**Exercise instructions**
All entries below must be given again word for word.

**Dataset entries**
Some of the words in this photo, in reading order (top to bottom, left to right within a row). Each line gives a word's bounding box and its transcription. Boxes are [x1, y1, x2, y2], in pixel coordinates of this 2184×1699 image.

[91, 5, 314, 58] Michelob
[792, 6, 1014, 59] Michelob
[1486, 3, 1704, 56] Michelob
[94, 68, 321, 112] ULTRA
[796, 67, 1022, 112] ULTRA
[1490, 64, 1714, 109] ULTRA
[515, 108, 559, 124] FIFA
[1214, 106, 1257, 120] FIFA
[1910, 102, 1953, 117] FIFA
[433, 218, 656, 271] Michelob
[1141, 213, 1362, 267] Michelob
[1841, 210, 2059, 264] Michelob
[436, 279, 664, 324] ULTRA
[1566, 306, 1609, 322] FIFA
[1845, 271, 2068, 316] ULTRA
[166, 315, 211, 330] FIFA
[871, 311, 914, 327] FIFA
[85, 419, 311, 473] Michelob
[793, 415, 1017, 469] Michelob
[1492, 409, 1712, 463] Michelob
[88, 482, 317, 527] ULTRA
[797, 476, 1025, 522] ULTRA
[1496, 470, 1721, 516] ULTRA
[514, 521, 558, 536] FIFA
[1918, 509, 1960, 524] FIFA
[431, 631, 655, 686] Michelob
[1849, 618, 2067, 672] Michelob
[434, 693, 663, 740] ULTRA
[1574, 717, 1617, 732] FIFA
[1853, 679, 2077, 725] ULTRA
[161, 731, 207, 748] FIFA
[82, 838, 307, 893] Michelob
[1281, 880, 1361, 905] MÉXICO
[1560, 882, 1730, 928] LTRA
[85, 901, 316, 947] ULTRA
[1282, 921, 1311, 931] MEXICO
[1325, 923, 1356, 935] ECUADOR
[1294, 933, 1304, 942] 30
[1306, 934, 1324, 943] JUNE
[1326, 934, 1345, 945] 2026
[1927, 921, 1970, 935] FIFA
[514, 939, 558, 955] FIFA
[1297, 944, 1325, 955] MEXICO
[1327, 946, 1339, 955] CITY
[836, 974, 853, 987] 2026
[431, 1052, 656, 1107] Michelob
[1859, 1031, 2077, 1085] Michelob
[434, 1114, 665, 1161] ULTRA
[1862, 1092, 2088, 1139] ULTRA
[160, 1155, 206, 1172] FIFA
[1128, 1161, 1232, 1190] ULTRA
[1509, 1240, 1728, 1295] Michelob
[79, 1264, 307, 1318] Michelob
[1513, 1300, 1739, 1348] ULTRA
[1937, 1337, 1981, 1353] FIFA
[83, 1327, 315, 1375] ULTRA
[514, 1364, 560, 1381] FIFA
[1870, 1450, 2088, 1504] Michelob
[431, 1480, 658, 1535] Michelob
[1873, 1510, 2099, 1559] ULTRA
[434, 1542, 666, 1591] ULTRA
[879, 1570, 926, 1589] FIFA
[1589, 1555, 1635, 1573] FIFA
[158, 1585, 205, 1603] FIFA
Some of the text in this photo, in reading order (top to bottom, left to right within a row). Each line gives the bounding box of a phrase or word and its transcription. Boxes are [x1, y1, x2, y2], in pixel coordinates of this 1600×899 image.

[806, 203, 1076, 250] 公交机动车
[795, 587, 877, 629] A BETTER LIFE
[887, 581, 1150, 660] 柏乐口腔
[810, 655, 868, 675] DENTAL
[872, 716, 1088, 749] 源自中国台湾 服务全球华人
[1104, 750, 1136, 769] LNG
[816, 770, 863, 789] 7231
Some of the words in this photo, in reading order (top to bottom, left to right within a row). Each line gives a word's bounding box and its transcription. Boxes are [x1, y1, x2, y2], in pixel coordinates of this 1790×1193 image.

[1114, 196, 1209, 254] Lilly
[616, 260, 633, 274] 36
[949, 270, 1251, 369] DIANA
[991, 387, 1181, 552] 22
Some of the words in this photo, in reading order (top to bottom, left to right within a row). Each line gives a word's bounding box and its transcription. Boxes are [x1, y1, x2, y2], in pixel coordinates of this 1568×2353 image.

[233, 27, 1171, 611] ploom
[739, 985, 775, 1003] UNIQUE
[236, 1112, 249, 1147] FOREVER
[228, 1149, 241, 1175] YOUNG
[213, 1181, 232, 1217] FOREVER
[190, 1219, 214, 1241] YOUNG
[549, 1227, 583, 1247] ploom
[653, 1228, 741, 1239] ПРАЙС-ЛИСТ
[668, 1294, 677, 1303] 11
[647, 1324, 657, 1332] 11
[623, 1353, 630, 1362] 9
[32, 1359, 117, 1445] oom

**Response**
Some of the words in this photo, in reading order (top to bottom, left to right within a row). Each line gives a word's bounding box and its transcription. Boxes are [x1, y1, x2, y2], in pixel coordinates of this 2184×1699 image.

[91, 5, 314, 58] Michelob
[792, 6, 1014, 59] Michelob
[1486, 3, 1704, 56] Michelob
[94, 68, 321, 112] ULTRA
[796, 67, 1022, 112] ULTRA
[1490, 64, 1714, 109] ULTRA
[515, 108, 559, 124] FIFA
[1214, 106, 1257, 120] FIFA
[1910, 102, 1953, 117] FIFA
[433, 218, 656, 271] Michelob
[1141, 213, 1362, 267] Michelob
[1841, 210, 2059, 264] Michelob
[436, 279, 664, 324] ULTRA
[1566, 306, 1609, 322] FIFA
[1845, 271, 2068, 316] ULTRA
[166, 315, 211, 330] FIFA
[871, 311, 914, 327] FIFA
[85, 419, 311, 473] Michelob
[793, 415, 1017, 469] Michelob
[1492, 409, 1712, 463] Michelob
[88, 482, 317, 527] ULTRA
[797, 476, 1025, 522] ULTRA
[1496, 470, 1721, 516] ULTRA
[514, 521, 558, 536] FIFA
[1918, 509, 1960, 524] FIFA
[431, 631, 655, 686] Michelob
[1849, 618, 2067, 672] Michelob
[434, 693, 663, 740] ULTRA
[1574, 717, 1617, 732] FIFA
[1853, 679, 2077, 725] ULTRA
[161, 731, 207, 748] FIFA
[82, 838, 307, 893] Michelob
[1281, 880, 1361, 905] MÉXICO
[1560, 882, 1730, 928] LTRA
[85, 901, 316, 947] ULTRA
[1282, 921, 1311, 931] MEXICO
[1325, 923, 1356, 935] ECUADOR
[1294, 933, 1304, 942] 30
[1306, 934, 1324, 943] JUNE
[1326, 934, 1345, 945] 2026
[1927, 921, 1970, 935] FIFA
[514, 939, 558, 955] FIFA
[1297, 944, 1325, 955] MEXICO
[1327, 946, 1339, 955] CITY
[836, 974, 853, 987] 2026
[431, 1052, 656, 1107] Michelob
[1859, 1031, 2077, 1085] Michelob
[434, 1114, 665, 1161] ULTRA
[1862, 1092, 2088, 1139] ULTRA
[160, 1155, 206, 1172] FIFA
[1128, 1161, 1232, 1190] ULTRA
[1509, 1240, 1728, 1295] Michelob
[79, 1264, 307, 1318] Michelob
[1513, 1300, 1739, 1348] ULTRA
[1937, 1337, 1981, 1353] FIFA
[83, 1327, 315, 1375] ULTRA
[514, 1364, 560, 1381] FIFA
[1870, 1450, 2088, 1504] Michelob
[431, 1480, 658, 1535] Michelob
[1873, 1510, 2099, 1559] ULTRA
[434, 1542, 666, 1591] ULTRA
[879, 1570, 926, 1589] FIFA
[1589, 1555, 1635, 1573] FIFA
[158, 1585, 205, 1603] FIFA
Some of the text in this photo, in reading order (top to bottom, left to right within a row). Each line gives the bounding box of a phrase or word and its transcription. Boxes are [x1, y1, x2, y2], in pixel coordinates of this 1600×899 image.

[806, 203, 1076, 250] 公交机动车
[795, 587, 877, 629] A BETTER LIFE
[887, 581, 1150, 660] 柏乐口腔
[810, 655, 868, 675] DENTAL
[872, 716, 1088, 749] 源自中国台湾 服务全球华人
[1104, 750, 1136, 769] LNG
[816, 770, 863, 789] 7231
Some of the words in this photo, in reading order (top to bottom, left to right within a row). Each line gives a word's bounding box and its transcription. Boxes are [x1, y1, x2, y2], in pixel coordinates of this 1790×1193 image.

[1114, 196, 1209, 254] Lilly
[616, 260, 633, 274] 36
[949, 270, 1251, 369] DIANA
[991, 387, 1181, 552] 22
Some of the words in this photo, in reading order (top to bottom, left to right within a row). Each line gives a word's bounding box and its transcription. Boxes are [x1, y1, x2, y2], in pixel coordinates of this 1568×2353 image.

[233, 27, 1171, 611] ploom
[739, 985, 775, 1003] UNIQUE
[236, 1112, 249, 1147] FOREVER
[228, 1149, 241, 1175] YOUNG
[213, 1181, 232, 1217] FOREVER
[190, 1219, 214, 1241] YOUNG
[549, 1227, 583, 1247] ploom
[653, 1228, 741, 1239] ПРАЙС-ЛИСТ
[668, 1294, 677, 1303] 11
[647, 1324, 657, 1332] 11
[623, 1353, 630, 1362] 9
[32, 1359, 117, 1445] oom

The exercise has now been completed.